Saved entries =
===
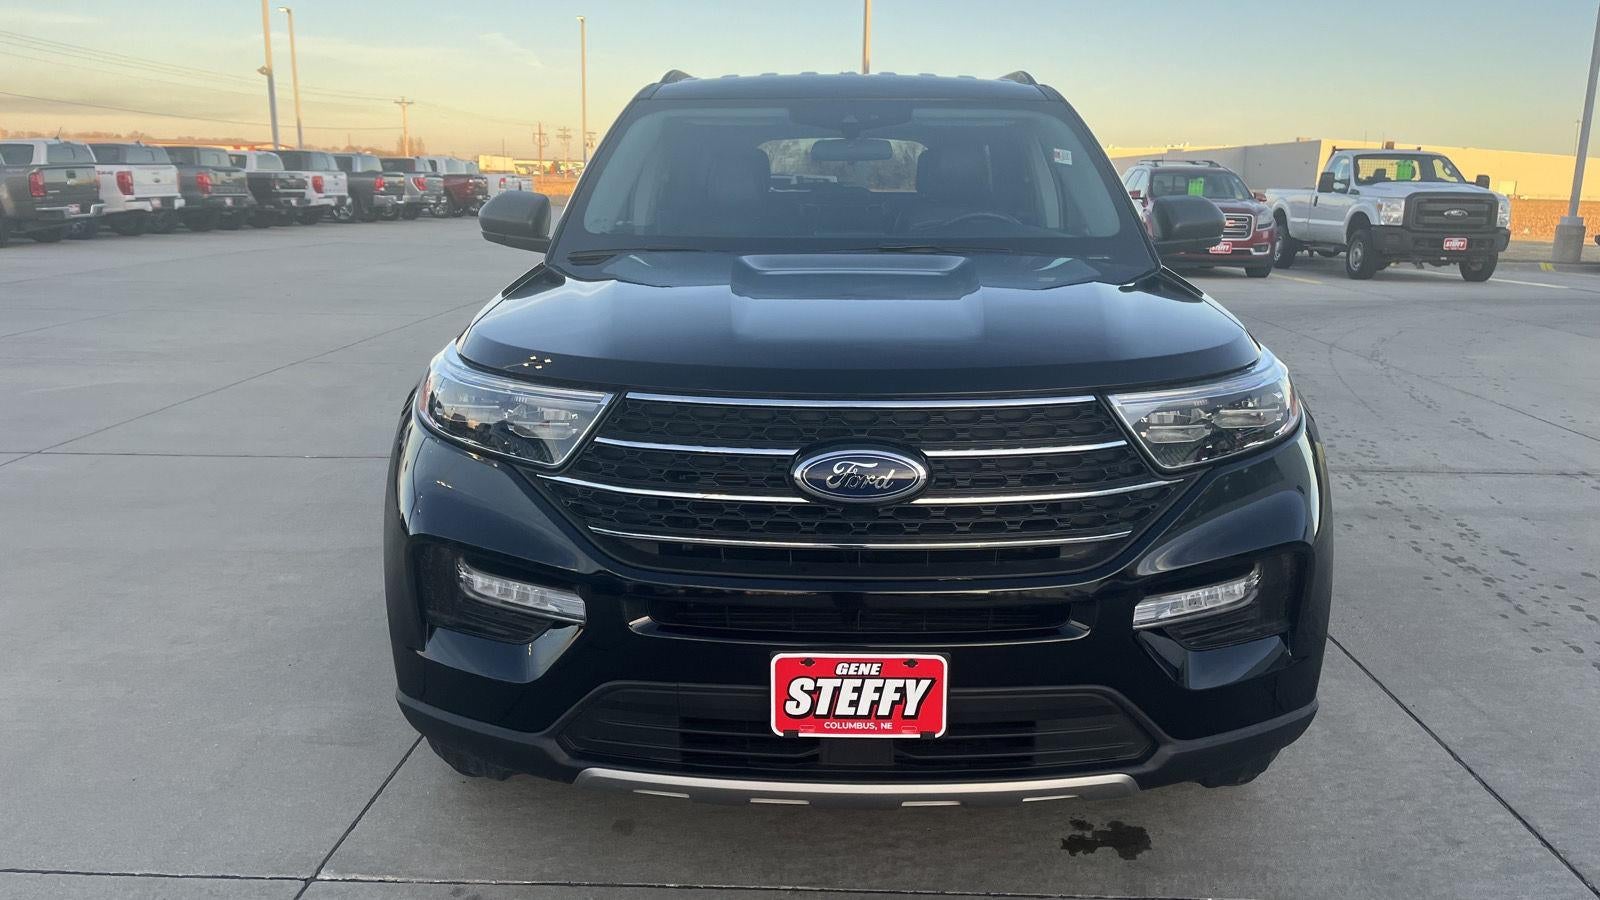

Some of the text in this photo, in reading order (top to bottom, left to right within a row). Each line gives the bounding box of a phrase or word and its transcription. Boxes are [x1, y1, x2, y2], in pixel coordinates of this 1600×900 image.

[826, 461, 895, 489] Ford
[835, 662, 882, 676] GENE
[784, 677, 936, 718] STEFFY
[824, 722, 878, 730] COLUMBUS,
===
GOAL OF THE EXERCISE =
Could you give all of the data again exactly as written, omitting any pictures?

ANSWER FOR THIS EXERCISE =
Some of the text in this photo, in reading order (top to bottom, left to right within a row). Each line gives the bounding box of a phrase or word and its transcription. Boxes are [x1, y1, x2, y2], in pixel coordinates of this 1600×900 image.

[826, 461, 895, 489] Ford
[835, 662, 882, 676] GENE
[784, 677, 936, 718] STEFFY
[824, 722, 878, 730] COLUMBUS,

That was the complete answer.